SATs results in County Down determine how children are grouped when they start secondary school. For Newtownards pupils, our experienced educators focus on the specific skills each paper demands — from multi-step arithmetic problems to inference questions in reading — ensuring children feel prepared rather than pressured.
Reading Skills
The reading paper presents three texts of increasing difficulty and asks questions that test retrieval, inference, vocabulary, and summary. Many Newtownards children find the final text challenging — it's often a pre-1900 extract or a piece of non-fiction with unfamiliar language. Our experienced educators prepare students by practising with real SATs papers and teaching strategies for each question type: how to find evidence, how to explain an author's word choice, how to summarise a paragraph concisely.
The GPS Test
The GPS paper tests grammar terminology (subordinate clauses, modal verbs, relative pronouns) alongside spelling and punctuation. It's often the paper that children in Newtownards find most unfamiliar, because the metalanguage can be confusing.
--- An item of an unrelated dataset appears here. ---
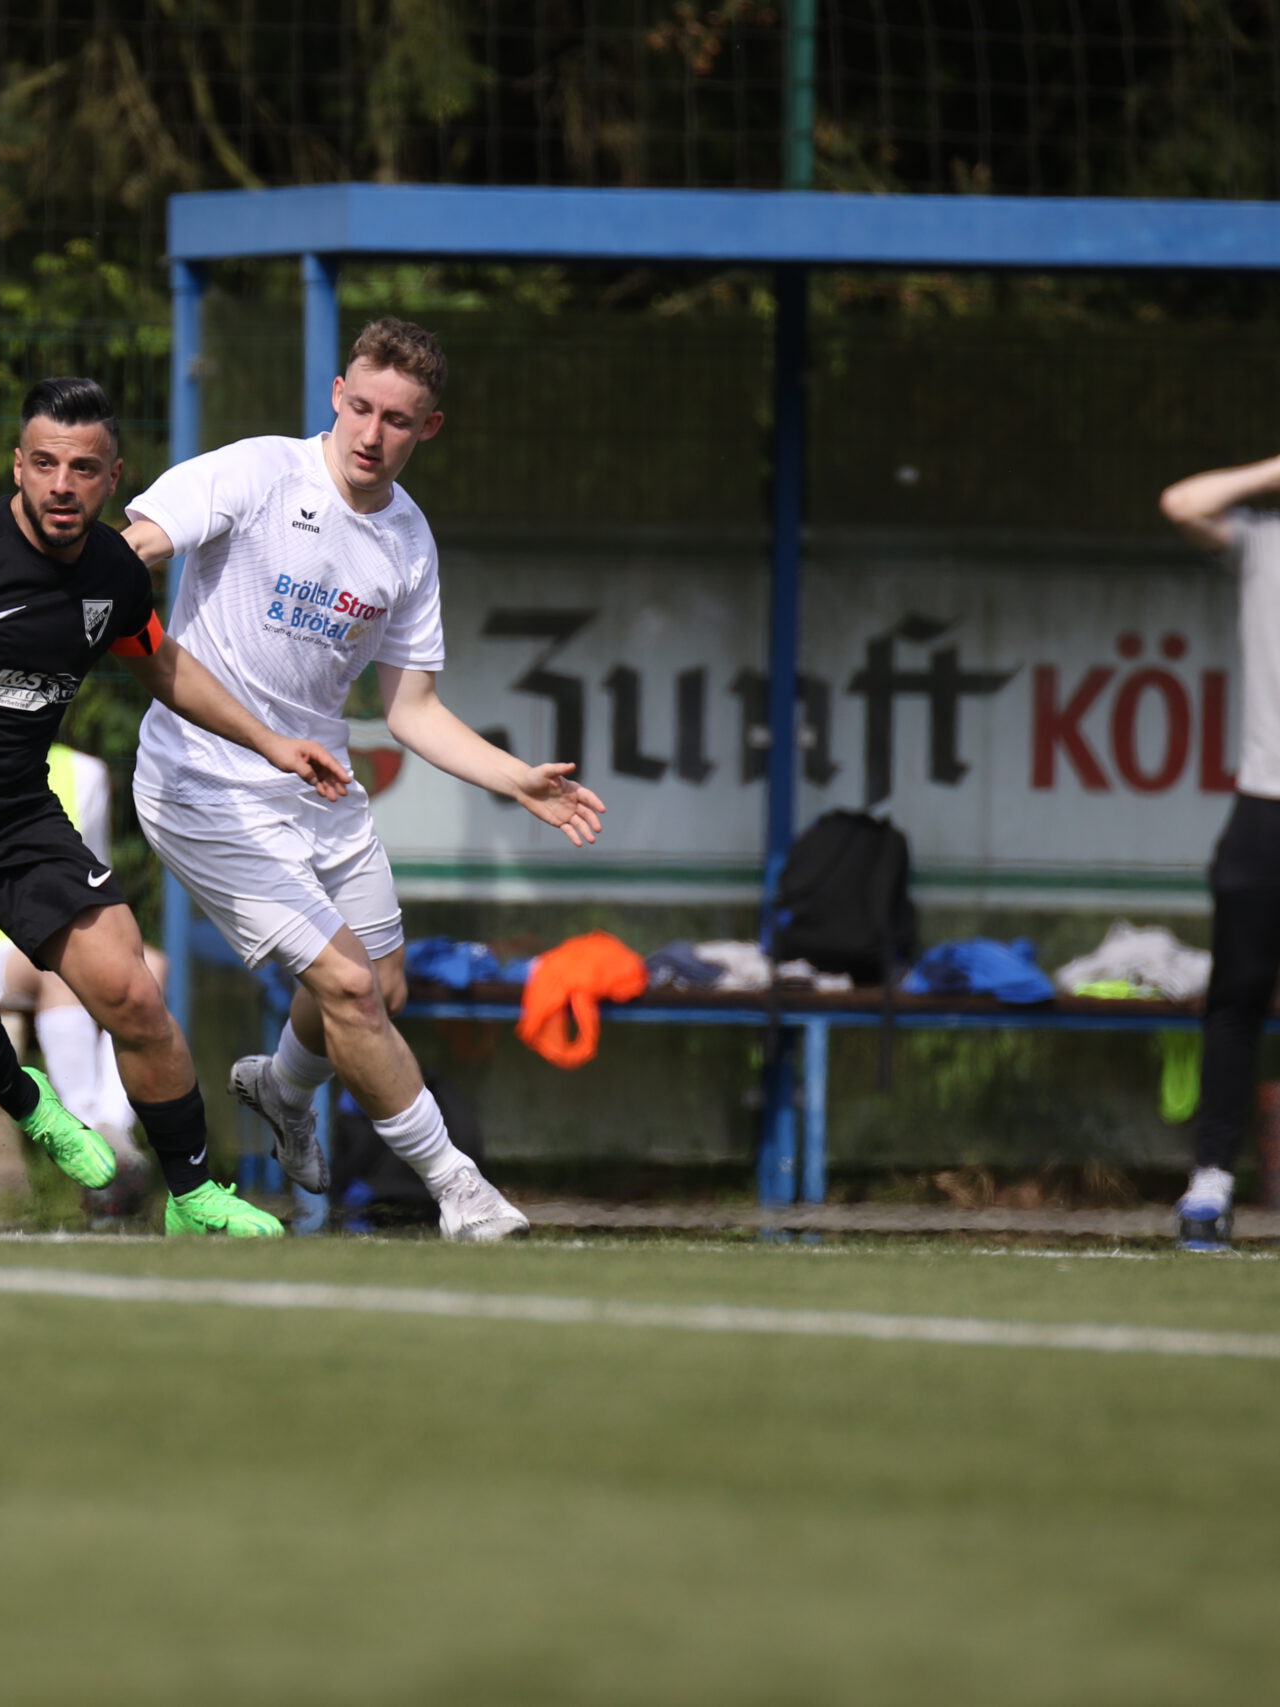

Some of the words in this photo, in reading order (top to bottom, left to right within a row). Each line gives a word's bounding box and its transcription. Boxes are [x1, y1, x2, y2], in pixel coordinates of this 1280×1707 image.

Our experienced educators teach this vocabulary explicitly, using examples and practice questions to make abstract concepts concrete. Spelling lists are practised regularly, and common patterns are taught systematically.
Mental and Written Maths
The arithmetic paper tests calculation skills: long multiplication, long division, fractions, decimals, and percentages. There's no room for reasoning here — it's about speed and accuracy. Our experienced educators in Newtownards build these skills through regular practice, focusing on the methods children are expected to use and the common errors that cost marks. Fluent arithmetic is also the foundation for the two reasoning papers, so time spent here pays off twice.
One-to-One Learning
In a classroom of 30, a teacher cannot pause to check whether each pupil truly understands. A tutor working individually with a learner in Newtownards can. Every question is answered, every misconception corrected on the spot, and the pace adapts to the pupil — not the timetable. Families across County Down consistently find that regular, focused individual teaching produces faster and more durable progress than group revision classes or self-study alone.
What Families Should Know
Families know their children better than anyone. That insight is valuable — and we use it. At the start, we ask parents to share their observations: which subjects cause stress, when homework becomes a battle, what has worked or not worked before. Throughout the process, regular updates ensure families in Newtownards always have a clear picture of progress and next steps.
Preparation Timeline
Starting in Year 5 gives the most time to fill gaps — particularly in maths, where foundational weaknesses can be hard to fix quickly. Year 6 preparation then focuses on applying those skills under test conditions. For Newtownards families who come to us in Year 6, we can still make a significant difference by targeting the topics most likely to appear and building exam technique rapidly. But earlier is always better, especially for children who find reading or maths genuinely difficult.